Another father talked about the therapy as a place that he and his wife could get support in order to cope better: Father: We came here because it has been so hard for us. We haven’t talked to anybody about this and don’t know what to do. We came because this is so difficult and we are so alone with it.

In contrast, four of the parents with poor alliances defined their goal of therapy as external—as changing their child’s identity. For example, Mother: First of all, it was my daughter’s initiative that we come here. She came to me and asked me to come to this project because she thought it would help me to understand her … and I played along with it. She said that it was very important to her, I don’t know, I wanted to help her, because she probably needed it. My hope was that she would take a serious look at herself and her life and realize that she was making a bad choice.

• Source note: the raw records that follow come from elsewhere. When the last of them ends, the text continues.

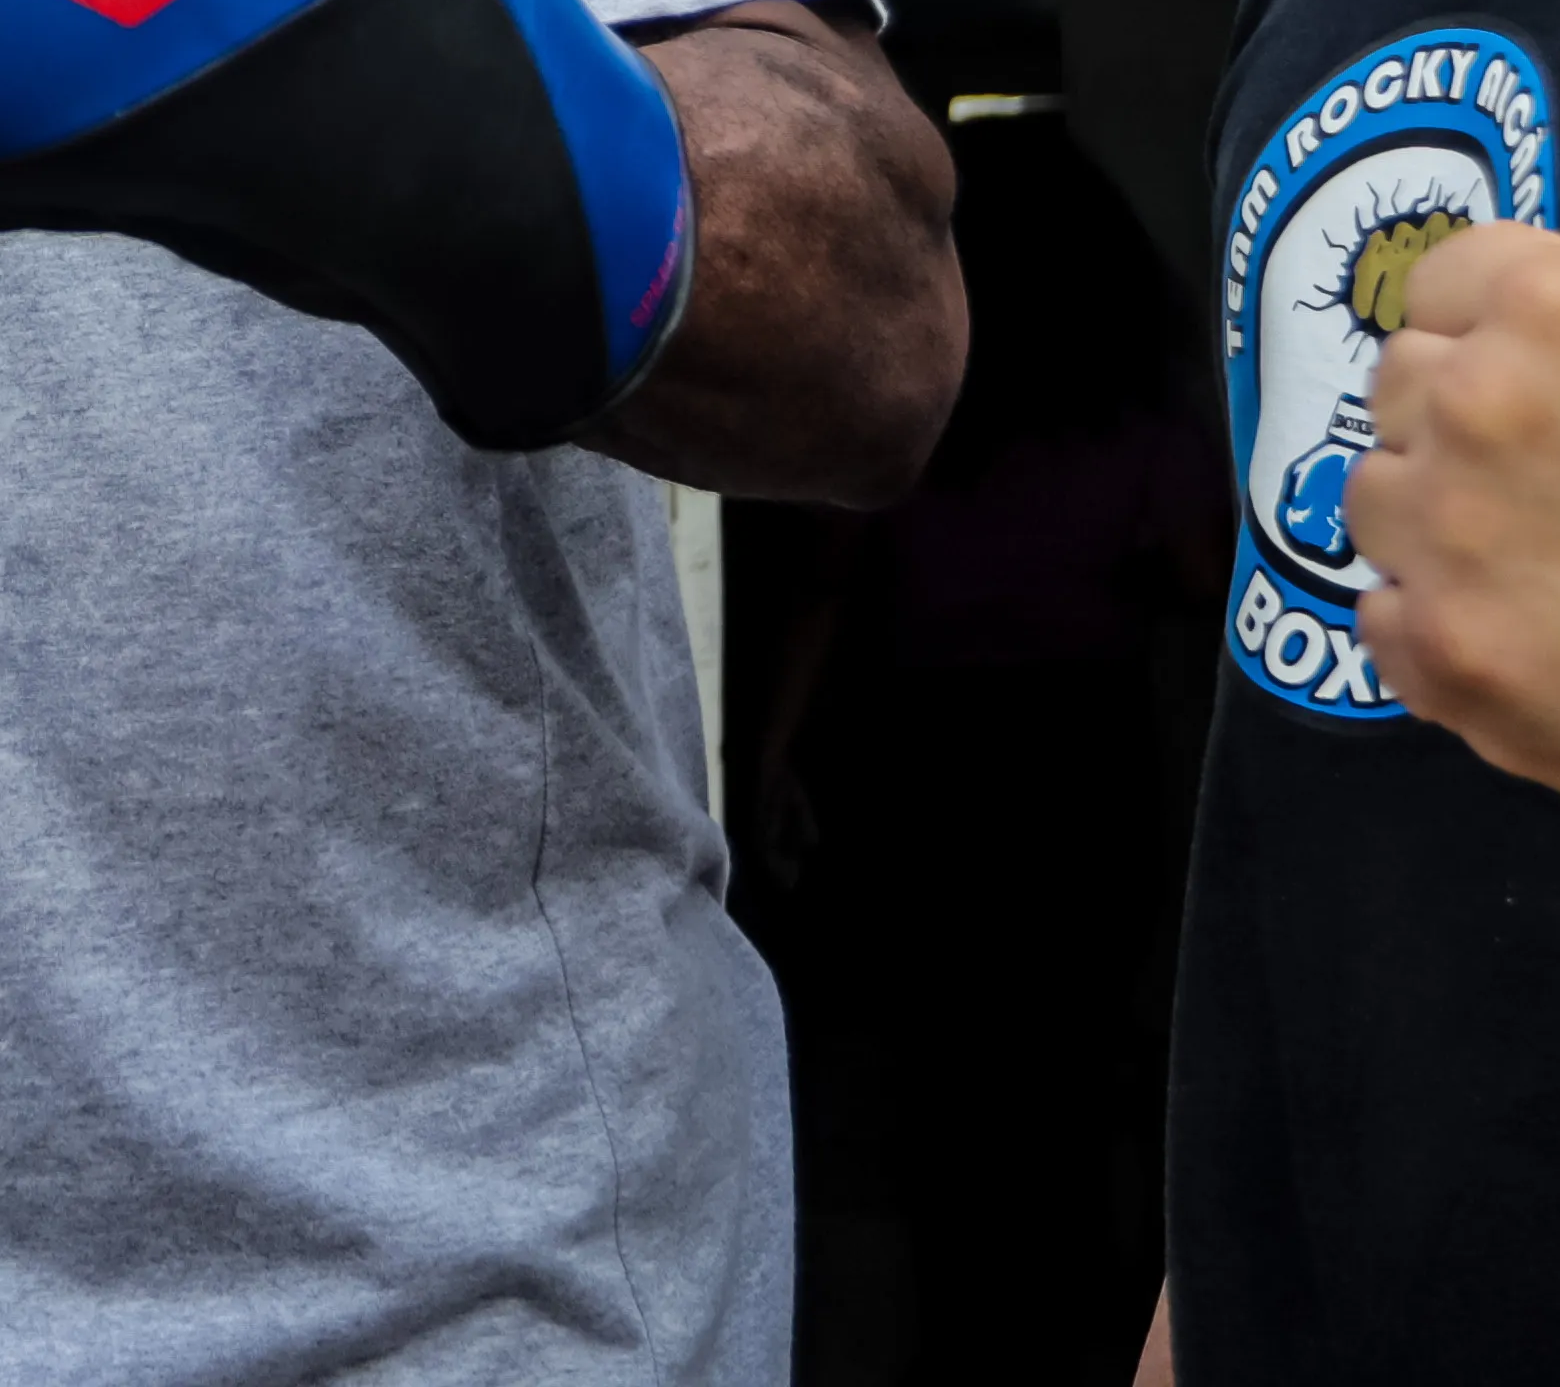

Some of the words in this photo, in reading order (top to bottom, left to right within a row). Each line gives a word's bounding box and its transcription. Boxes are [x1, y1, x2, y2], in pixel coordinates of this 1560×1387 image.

[1226, 169, 1280, 358] TEAM
[1285, 48, 1479, 168] ROCKY
[1235, 569, 1398, 703] BOX
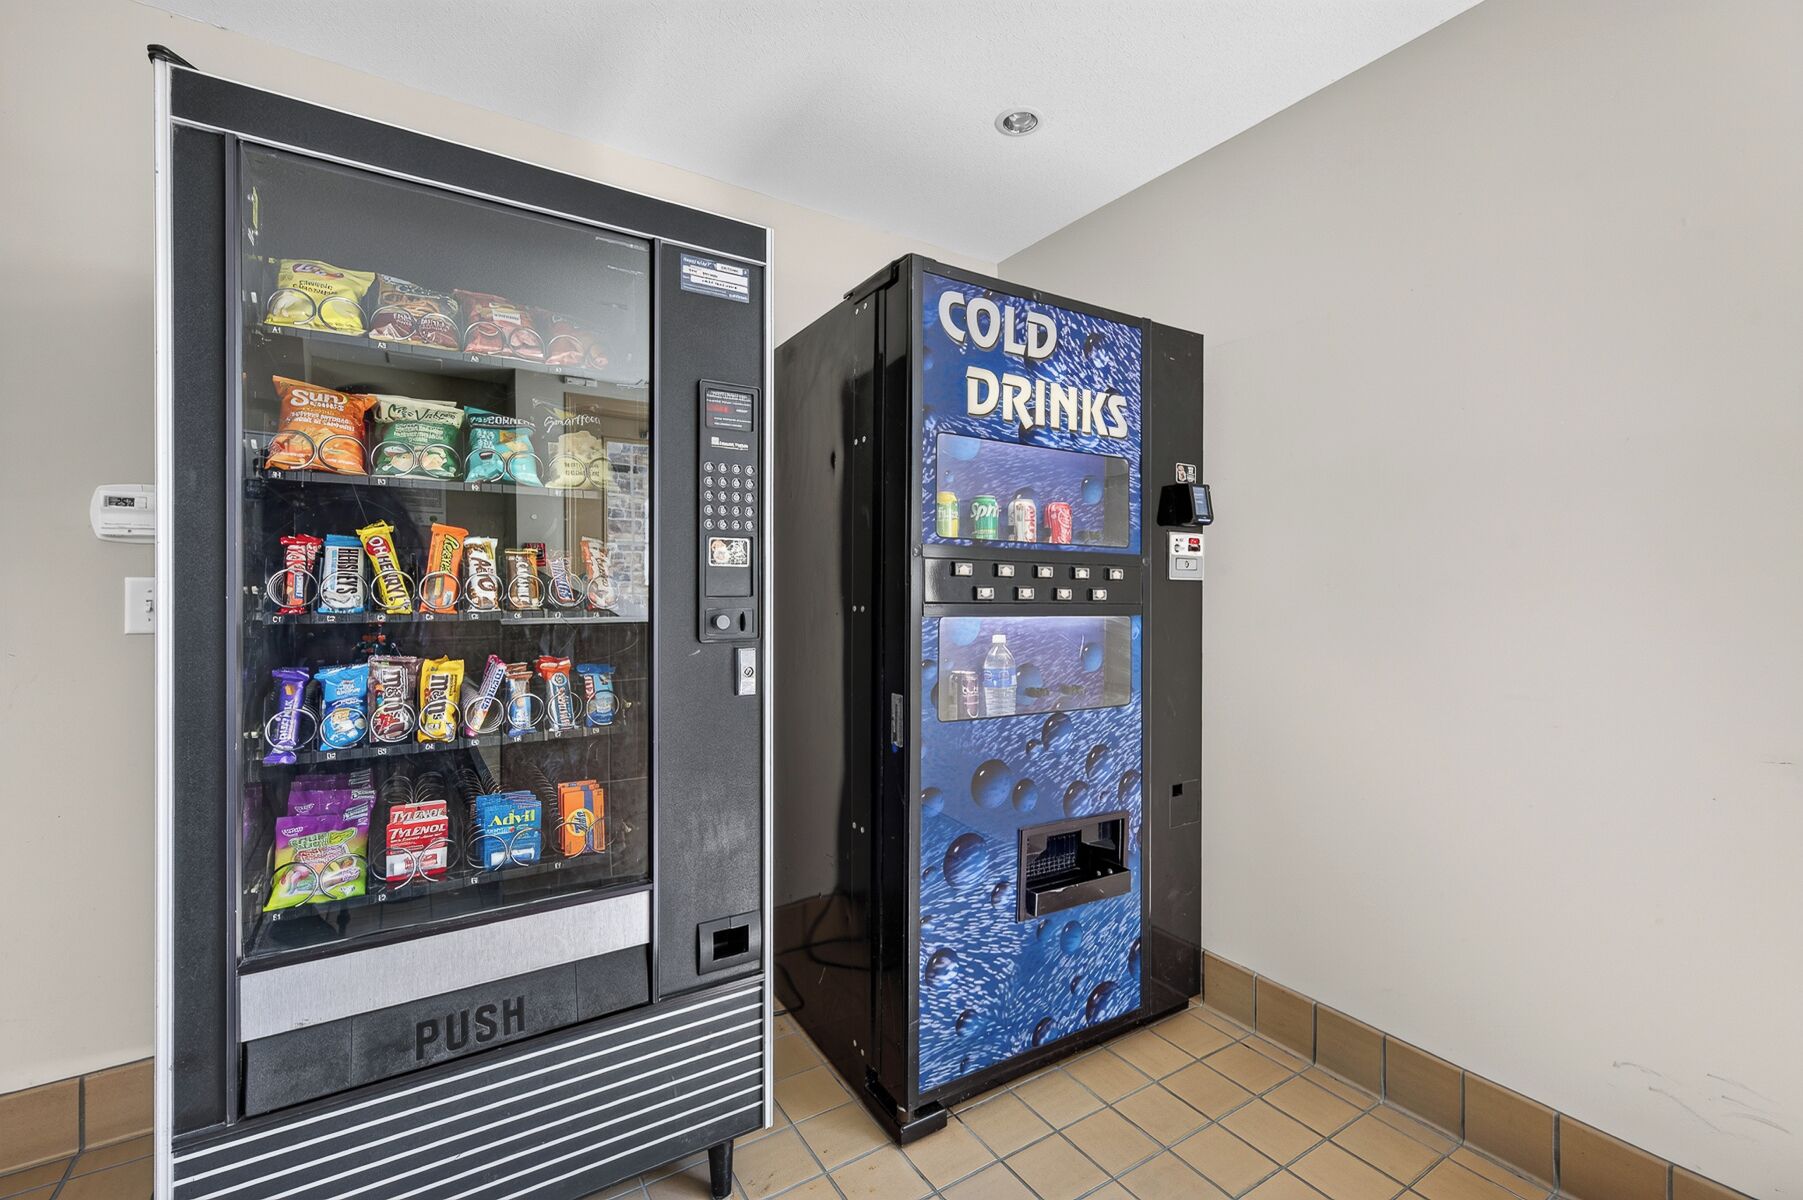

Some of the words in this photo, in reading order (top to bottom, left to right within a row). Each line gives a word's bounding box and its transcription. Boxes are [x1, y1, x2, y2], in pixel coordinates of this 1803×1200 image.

[938, 290, 1058, 360] COLD
[290, 388, 348, 407] Sun
[966, 366, 1129, 439] DRINKS
[388, 823, 446, 843] TYLENOL
[488, 808, 536, 827] Advil
[416, 995, 525, 1061] PUSH
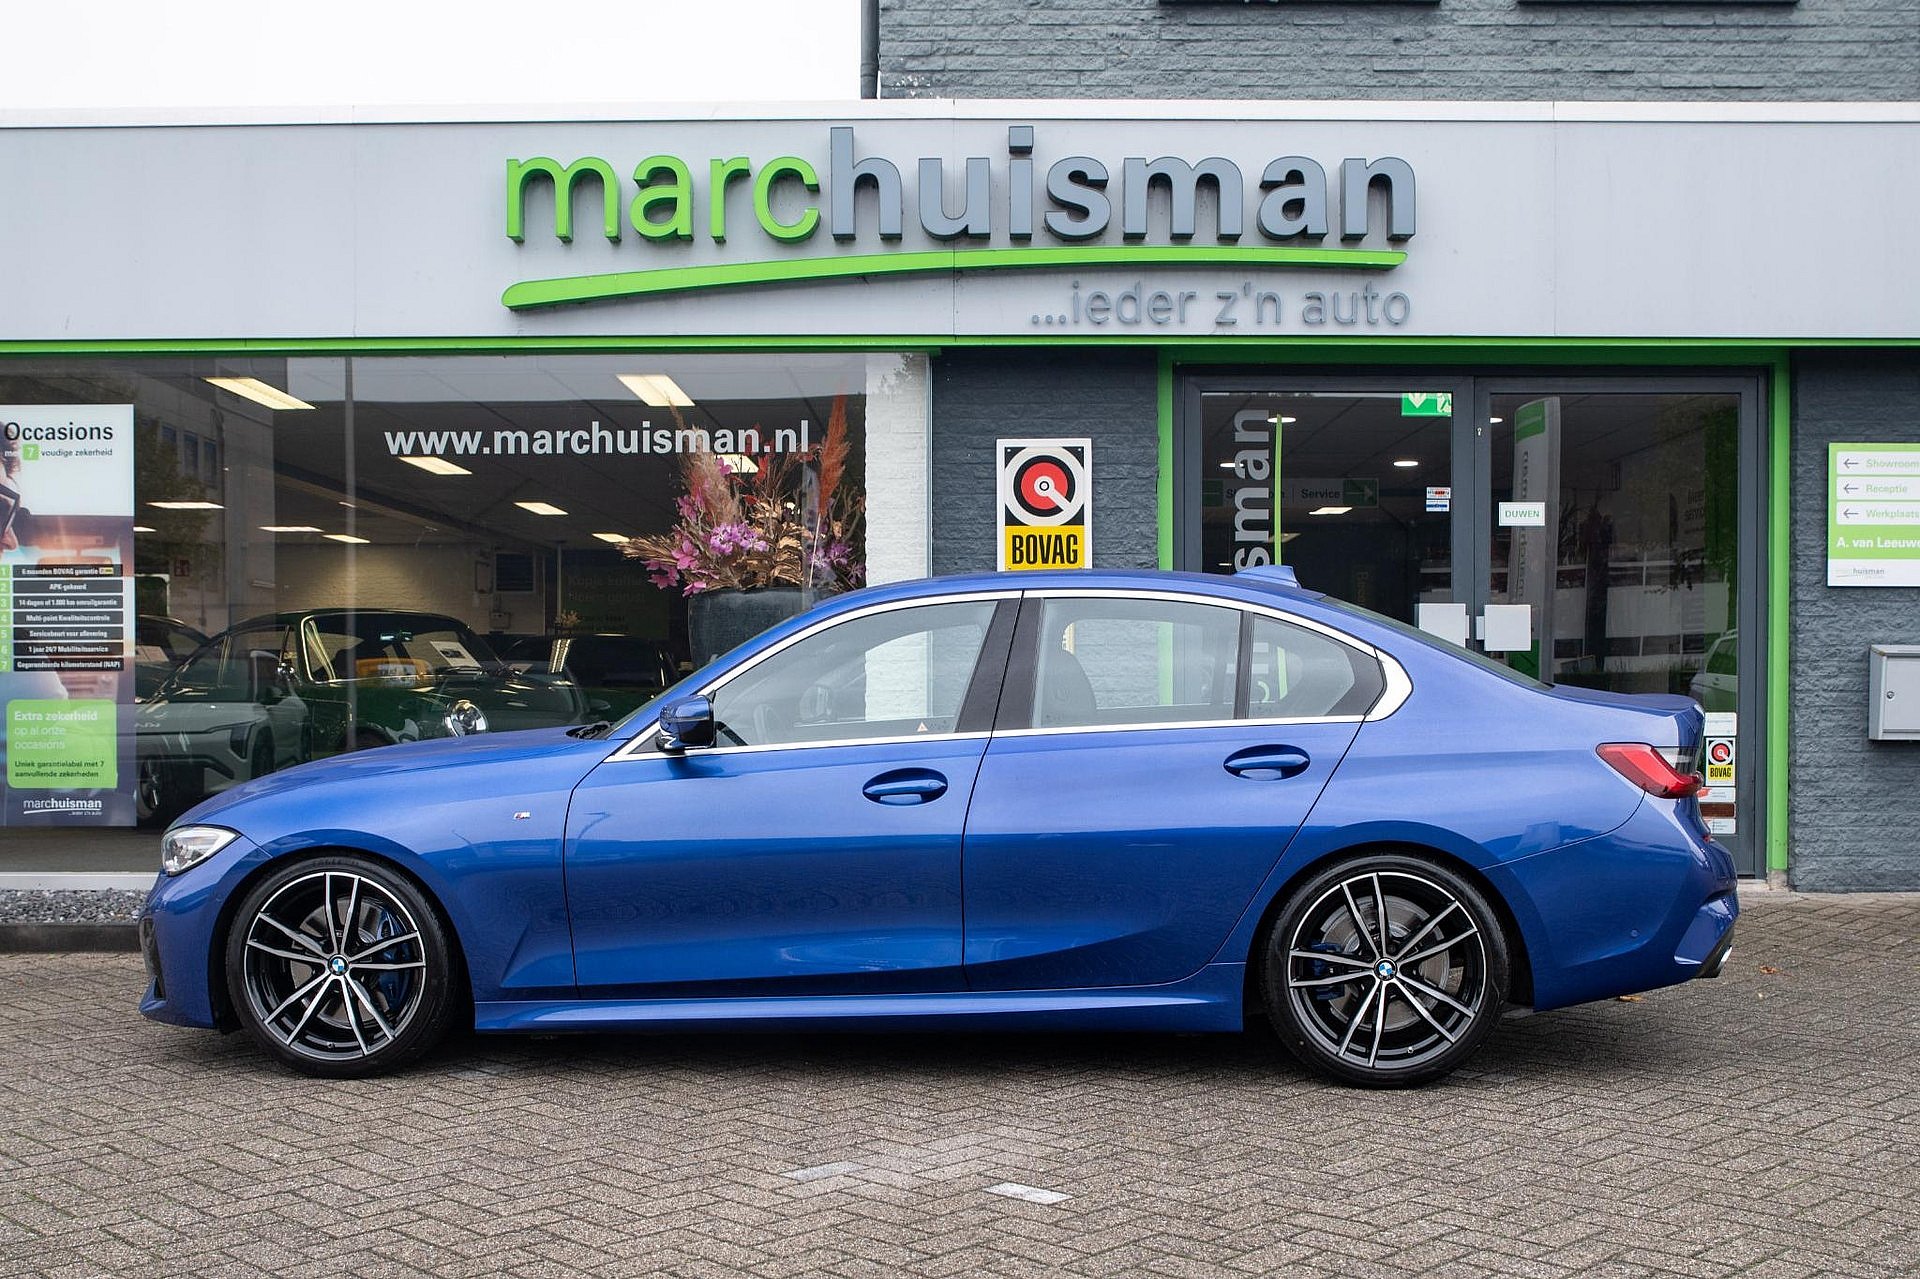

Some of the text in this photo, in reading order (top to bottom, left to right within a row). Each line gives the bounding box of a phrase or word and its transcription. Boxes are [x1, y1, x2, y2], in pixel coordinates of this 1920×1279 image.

Another distinguishing category was the degree to which parents experienced the therapists as empathic, attuned, non-judgmental and as creating a safe environment. Parents in four of the five good alliances explicitly described the therapists as such. For example, one mother stated: Mother: I felt like you really understood, felt my pain. That gave me the desire to continue with the sessions.

Another parent reported: Father: During the therapy, you gave me the sense that everything was OK—very much OK. You knew how to create a safe environment”

Yet another parent related: Mother: You brought a sense of serenity, peacefulness … you invested in us …. It felt like you listened, like you heard us.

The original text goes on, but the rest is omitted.